- _Data listing_:
────────

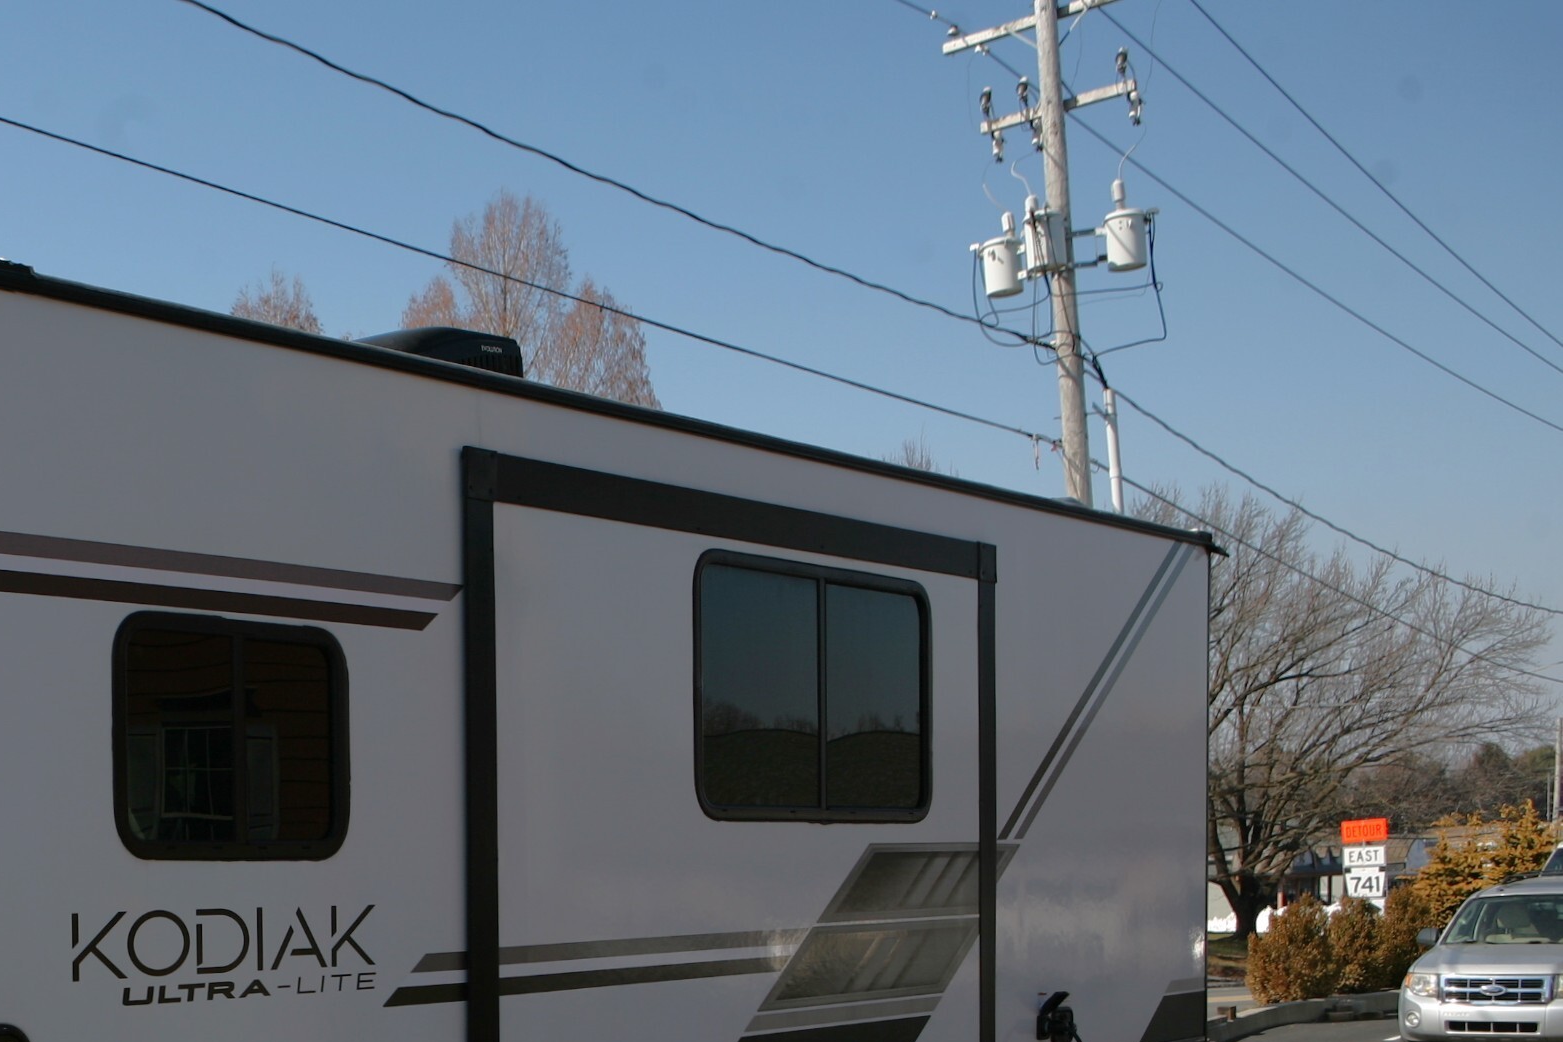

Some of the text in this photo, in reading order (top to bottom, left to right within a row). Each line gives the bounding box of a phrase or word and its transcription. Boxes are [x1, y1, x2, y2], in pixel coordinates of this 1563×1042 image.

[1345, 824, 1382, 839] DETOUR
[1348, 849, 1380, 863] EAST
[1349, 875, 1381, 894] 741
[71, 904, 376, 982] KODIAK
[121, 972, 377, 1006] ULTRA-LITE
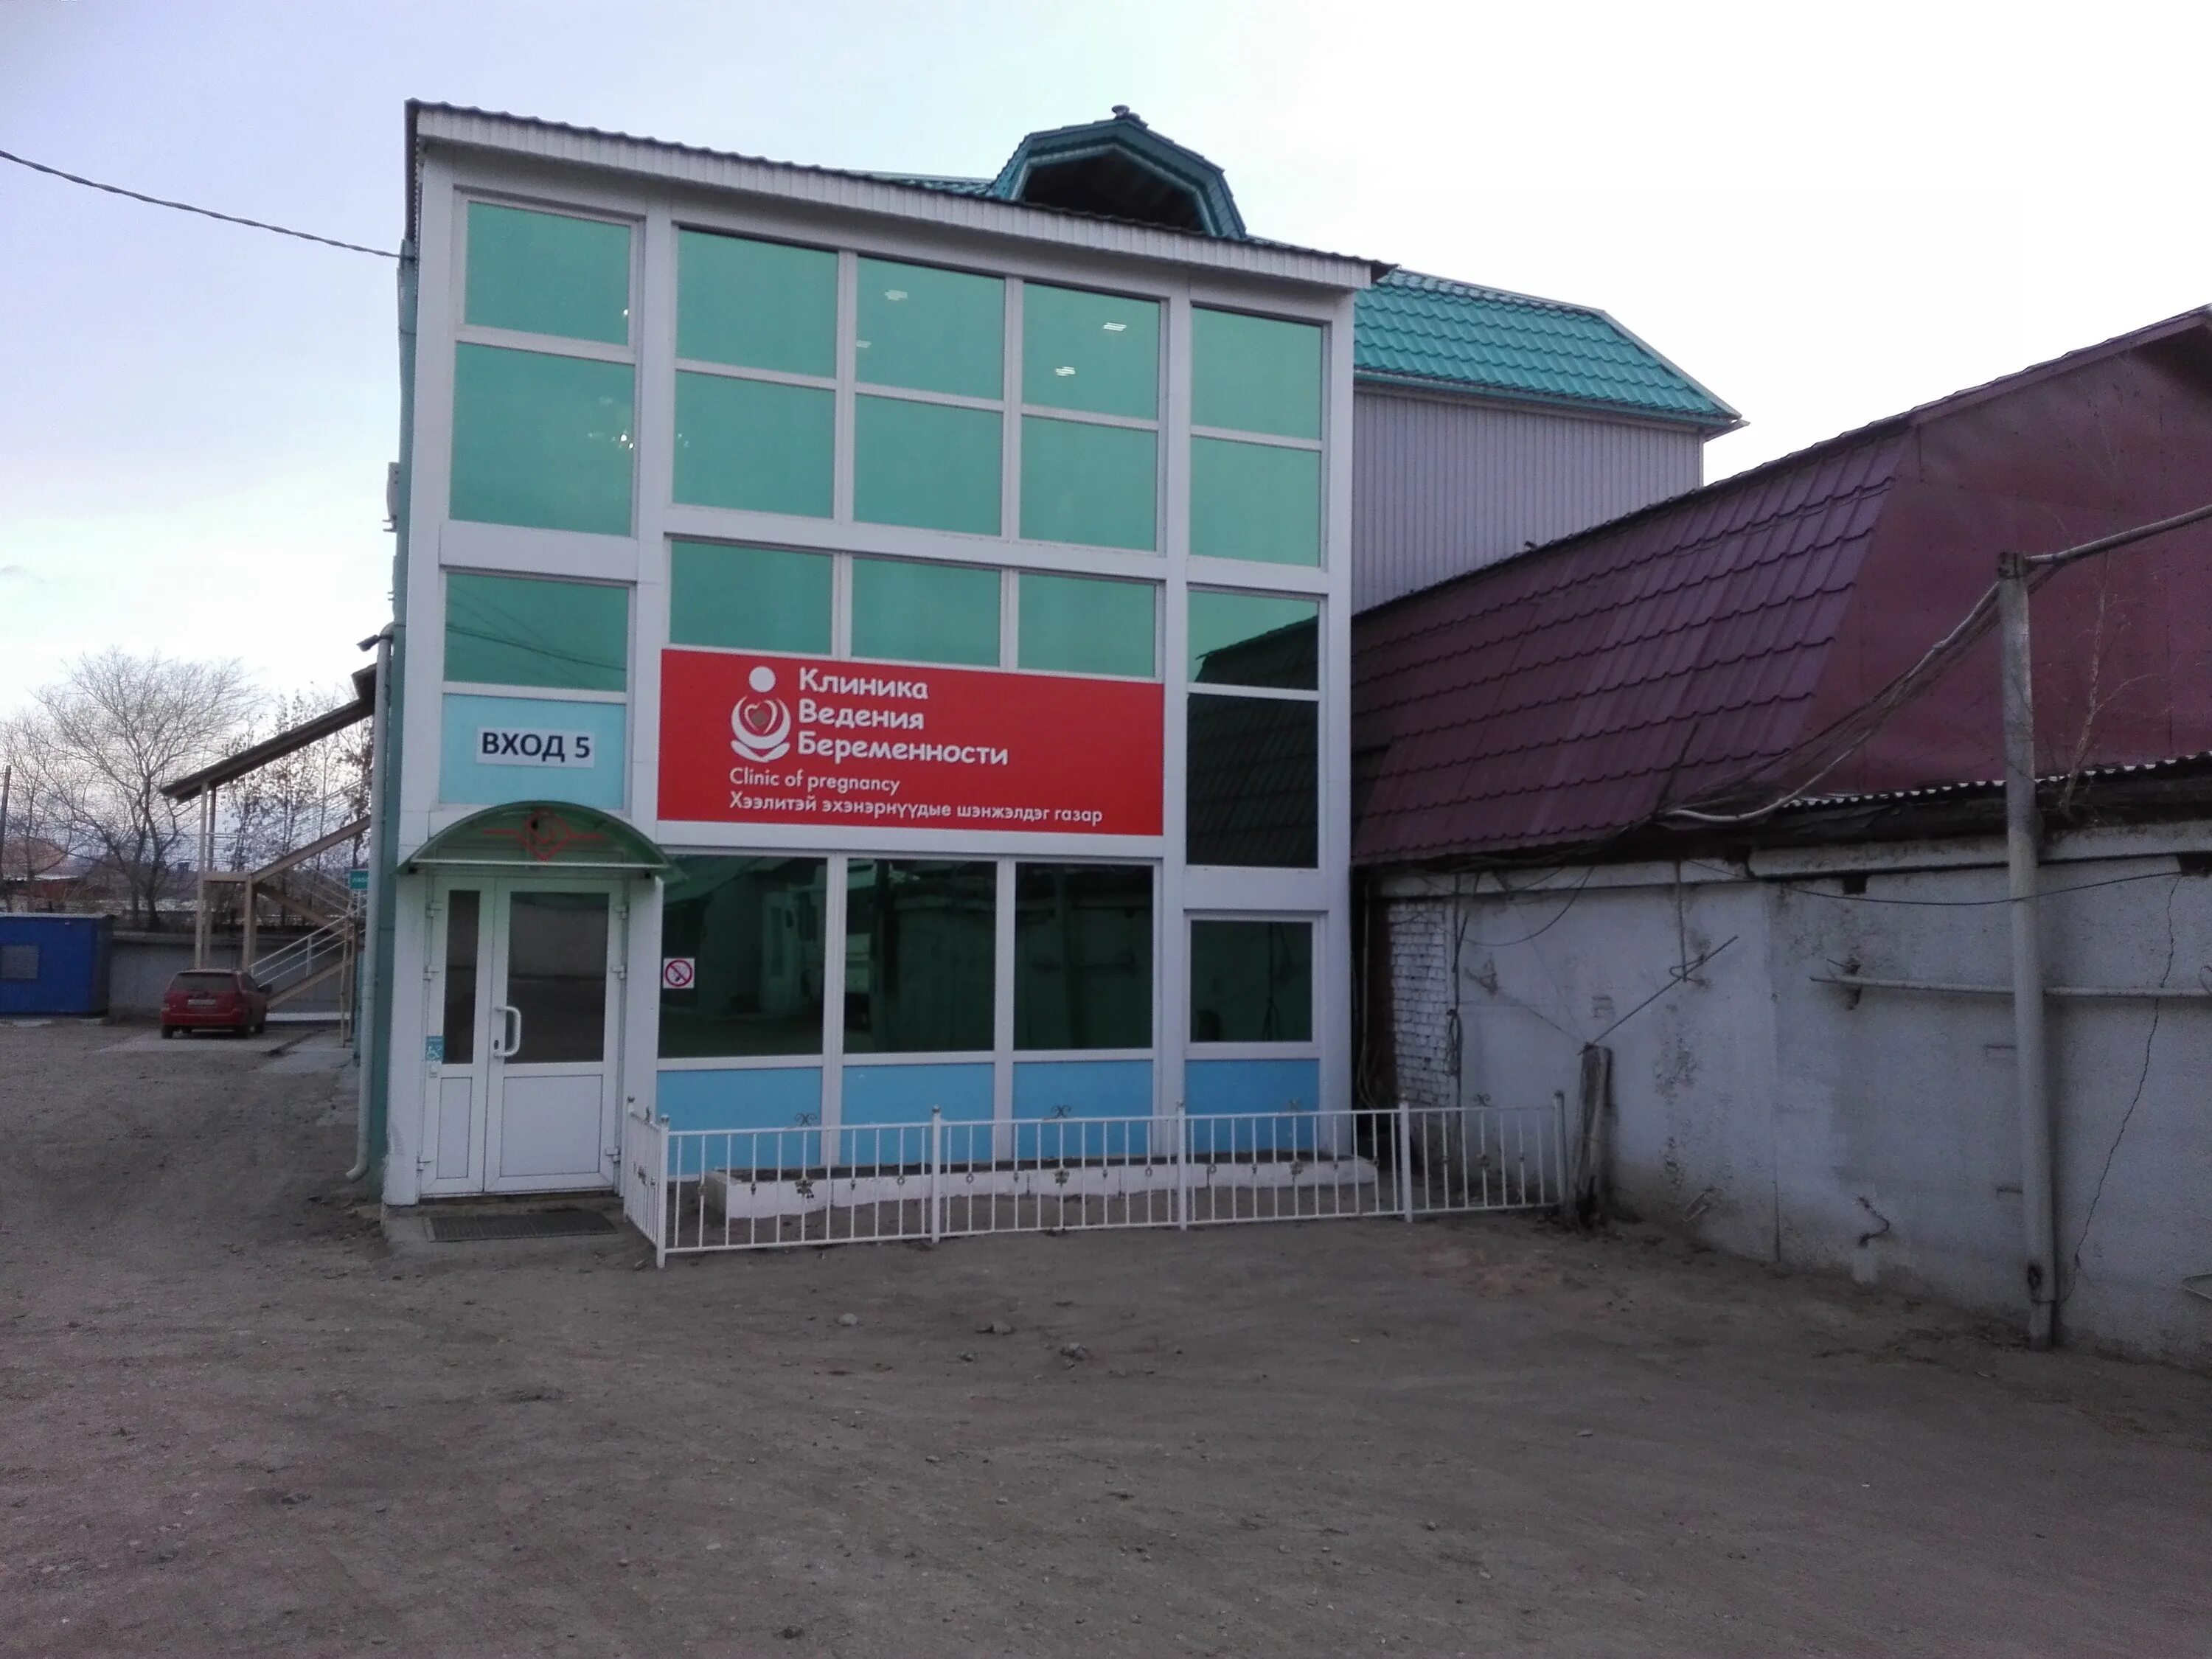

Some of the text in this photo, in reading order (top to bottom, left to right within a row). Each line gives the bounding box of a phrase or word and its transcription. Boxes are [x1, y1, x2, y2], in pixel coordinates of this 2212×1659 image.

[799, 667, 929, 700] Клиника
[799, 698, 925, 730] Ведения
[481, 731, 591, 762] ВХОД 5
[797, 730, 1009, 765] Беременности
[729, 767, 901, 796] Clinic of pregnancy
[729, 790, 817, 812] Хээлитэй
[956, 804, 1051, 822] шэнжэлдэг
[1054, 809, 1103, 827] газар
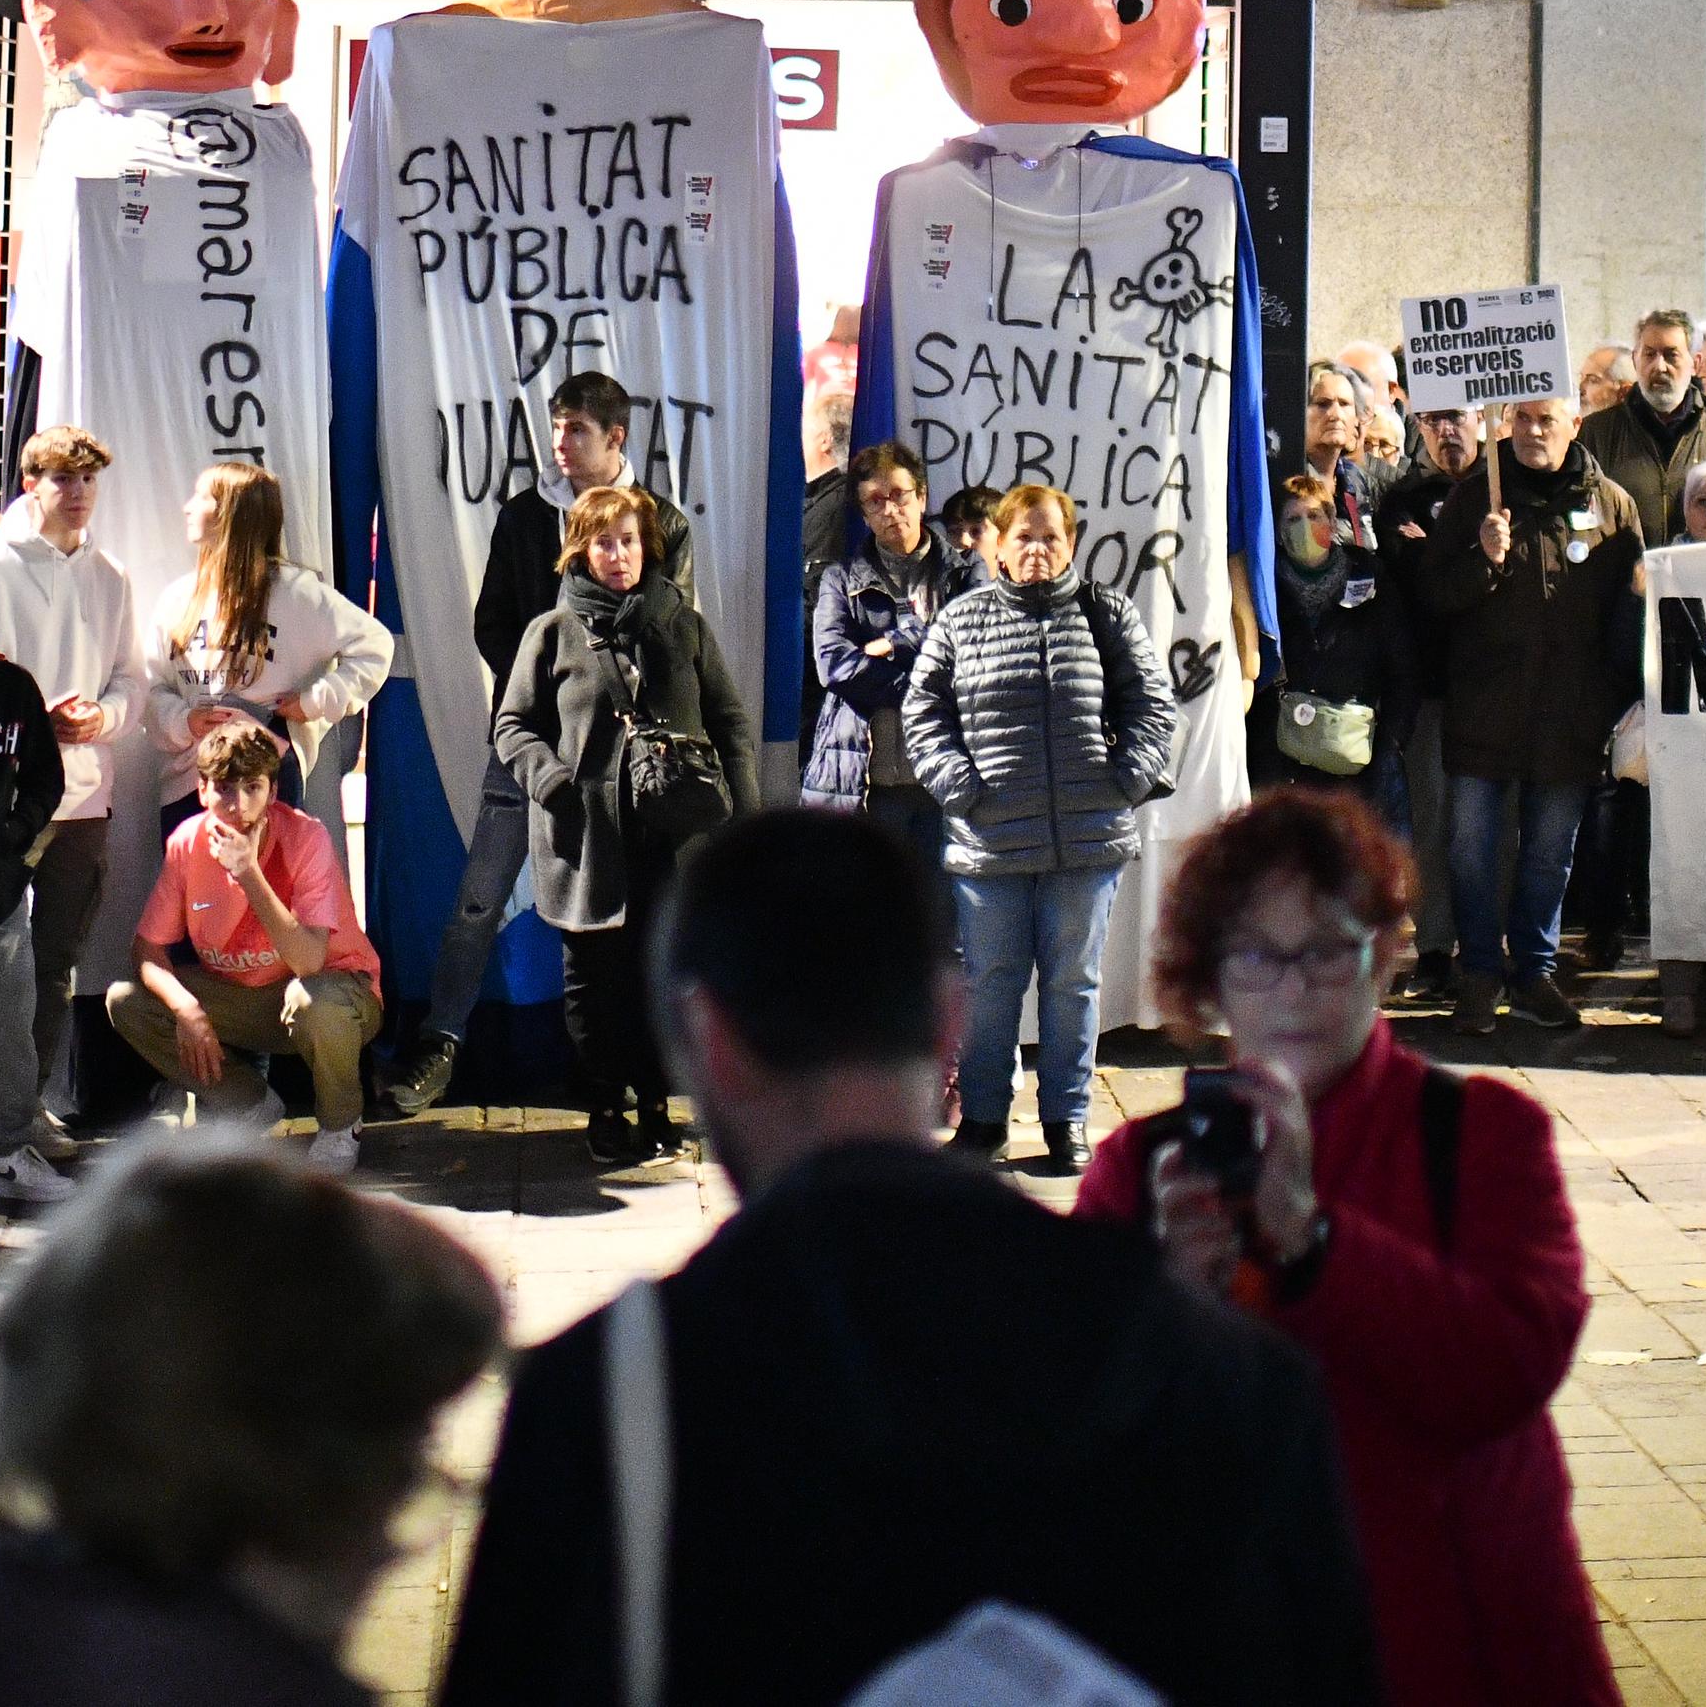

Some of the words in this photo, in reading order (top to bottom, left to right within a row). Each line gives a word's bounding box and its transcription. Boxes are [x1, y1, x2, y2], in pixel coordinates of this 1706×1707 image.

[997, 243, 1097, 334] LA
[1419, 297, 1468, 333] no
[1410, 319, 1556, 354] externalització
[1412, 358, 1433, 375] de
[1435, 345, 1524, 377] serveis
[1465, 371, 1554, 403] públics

────────

Set down exactly, with no additions, each line from the line that includes "this 2212×1659 image." to the final line of the entries above; leave pictures out.

- _Worked solution_:
Some of the text in this photo, in reading order (top to bottom, left to right within a row). Each line gives the bounding box of a phrase or word and its transcription. Boxes are [x1, y1, x2, y2], in pixel coordinates of this 2212×1659 image.

[799, 667, 929, 700] Клиника
[799, 698, 925, 730] Ведения
[481, 731, 591, 762] ВХОД 5
[797, 730, 1009, 765] Беременности
[729, 767, 901, 796] Clinic of pregnancy
[729, 790, 817, 812] Хээлитэй
[956, 804, 1051, 822] шэнжэлдэг
[1054, 809, 1103, 827] газар

Some of the words in this photo, in reading order (top to bottom, left to right within a row). Each line gives a word's bounding box and its transcription. Boxes are [x1, y1, x2, y2], in pixel coordinates of this 1706×1707 image.

[997, 243, 1097, 334] LA
[1419, 297, 1468, 333] no
[1410, 319, 1556, 354] externalització
[1412, 358, 1433, 375] de
[1435, 345, 1524, 377] serveis
[1465, 371, 1554, 403] públics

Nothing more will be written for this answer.